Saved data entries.

-------

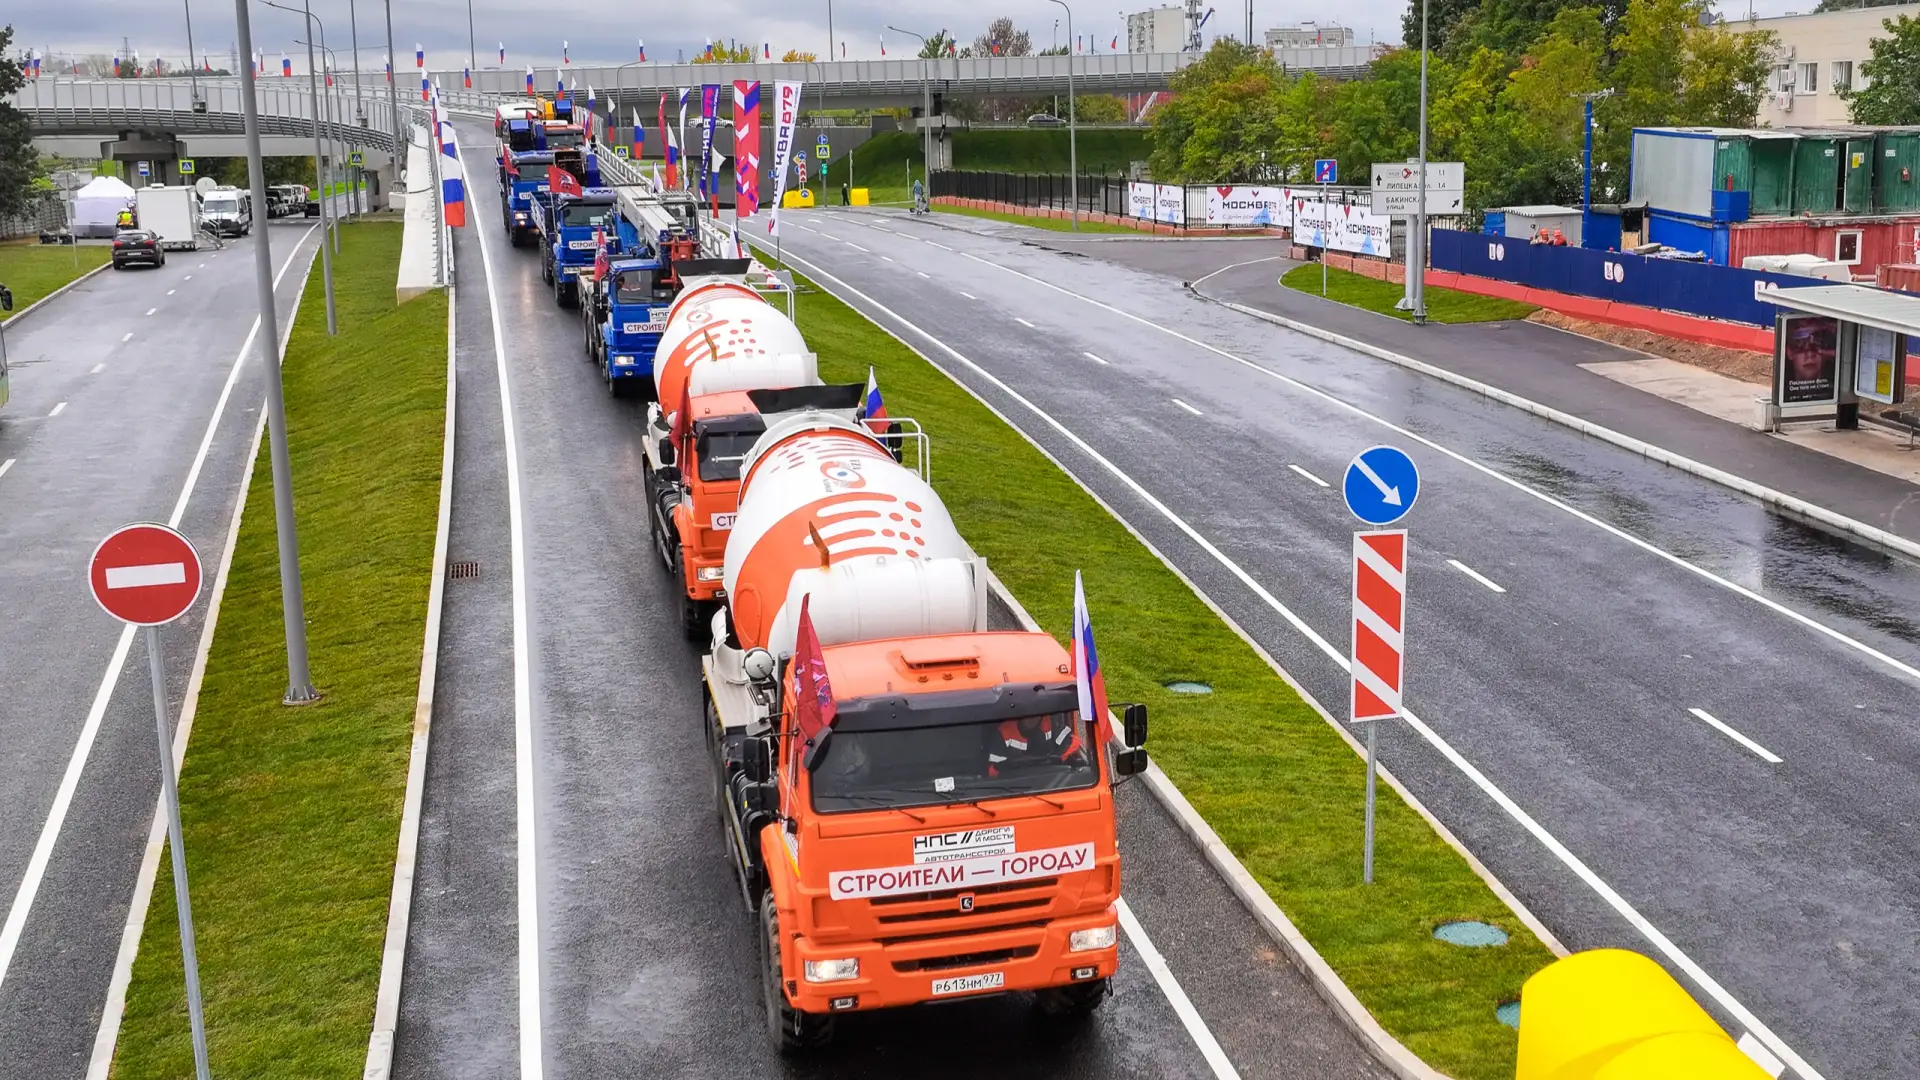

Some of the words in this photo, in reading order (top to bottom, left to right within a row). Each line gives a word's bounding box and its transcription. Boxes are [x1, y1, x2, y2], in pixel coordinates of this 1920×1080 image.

[1386, 182, 1421, 190] ЛИПЕЦКА
[1386, 204, 1405, 212] улица
[975, 827, 1011, 837] ДОРОГИ
[982, 833, 1014, 843] МОСТЫ
[925, 848, 1006, 863] АВТОТРАНССТРОЙ
[837, 865, 965, 894] СТРОИТЕЛИ
[1001, 848, 1088, 877] ГОРОДУ
[983, 973, 1001, 984] 977

-------

Apart from the pictures, repeat the data above exactly.

Some of the words in this photo, in reading order (top to bottom, left to right within a row). Each line gives a word's bounding box and its transcription. Boxes are [x1, y1, x2, y2], in pixel coordinates of this 1920×1080 image.

[1386, 182, 1421, 190] ЛИПЕЦКА
[1386, 204, 1405, 212] улица
[975, 827, 1011, 837] ДОРОГИ
[982, 833, 1014, 843] МОСТЫ
[925, 848, 1006, 863] АВТОТРАНССТРОЙ
[837, 865, 965, 894] СТРОИТЕЛИ
[1001, 848, 1088, 877] ГОРОДУ
[983, 973, 1001, 984] 977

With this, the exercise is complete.